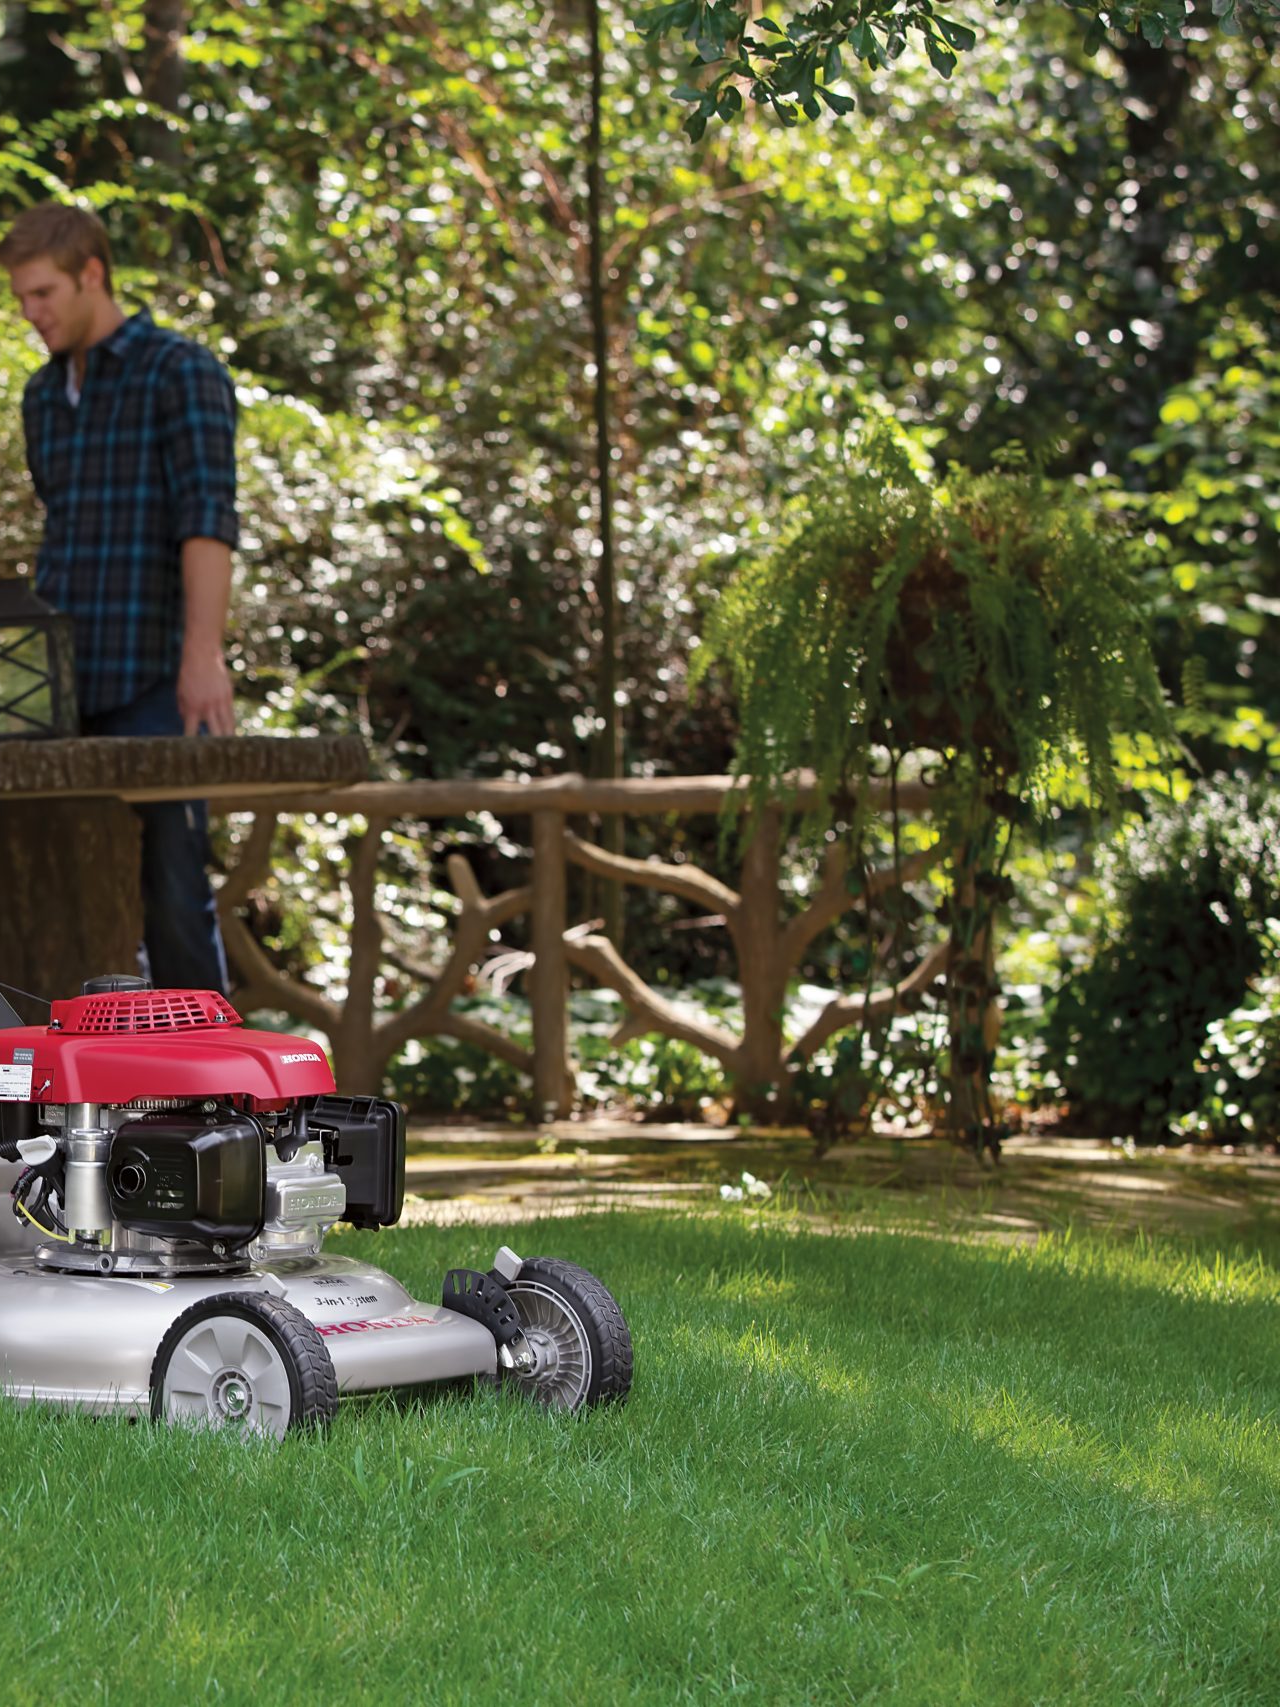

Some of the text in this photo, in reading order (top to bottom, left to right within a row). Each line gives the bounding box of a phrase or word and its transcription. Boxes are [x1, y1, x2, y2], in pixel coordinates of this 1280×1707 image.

[280, 1053, 321, 1064] HONDA
[288, 1196, 343, 1211] HONDA
[315, 1295, 378, 1307] 3-in-1 System
[315, 1315, 438, 1336] HONDA
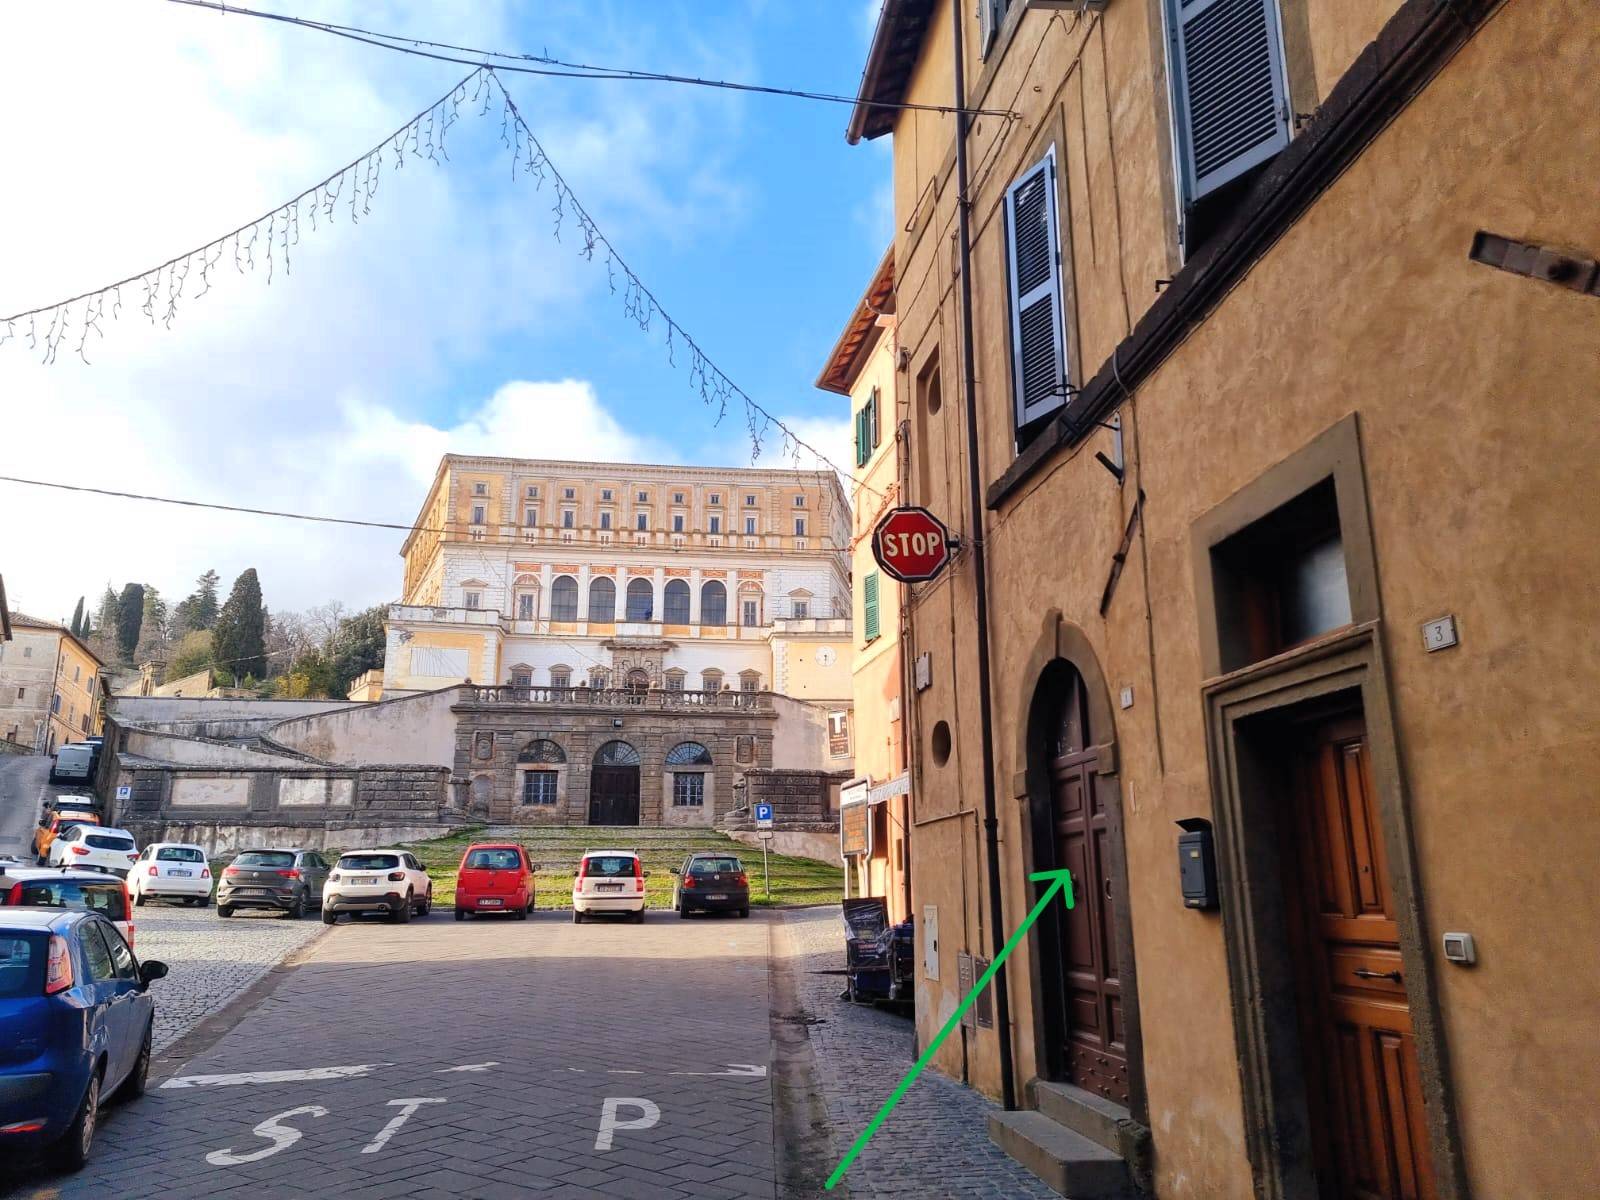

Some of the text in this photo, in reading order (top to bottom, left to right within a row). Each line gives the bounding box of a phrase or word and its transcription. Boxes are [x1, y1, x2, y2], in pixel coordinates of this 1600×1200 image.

[884, 532, 940, 557] STOP
[1434, 625, 1443, 642] 3
[759, 806, 769, 819] P

▶ _DIRECTIONS_: A word-for-word copy of the records above is needed, pictures excluded.

▶ _ANSWER AREA_:
Some of the text in this photo, in reading order (top to bottom, left to right within a row). Each line gives the bounding box of a phrase or word and its transcription. Boxes are [x1, y1, x2, y2], in pixel coordinates of this 1280×1707 image.

[280, 1053, 321, 1064] HONDA
[288, 1196, 343, 1211] HONDA
[315, 1295, 378, 1307] 3-in-1 System
[315, 1315, 438, 1336] HONDA

Some of the text in this photo, in reading order (top to bottom, left to right within a row). Each line gives the bounding box of a phrase or word and its transcription. Boxes are [x1, y1, x2, y2], in pixel coordinates of this 1600×1200 image.

[884, 532, 940, 557] STOP
[1434, 625, 1443, 642] 3
[759, 806, 769, 819] P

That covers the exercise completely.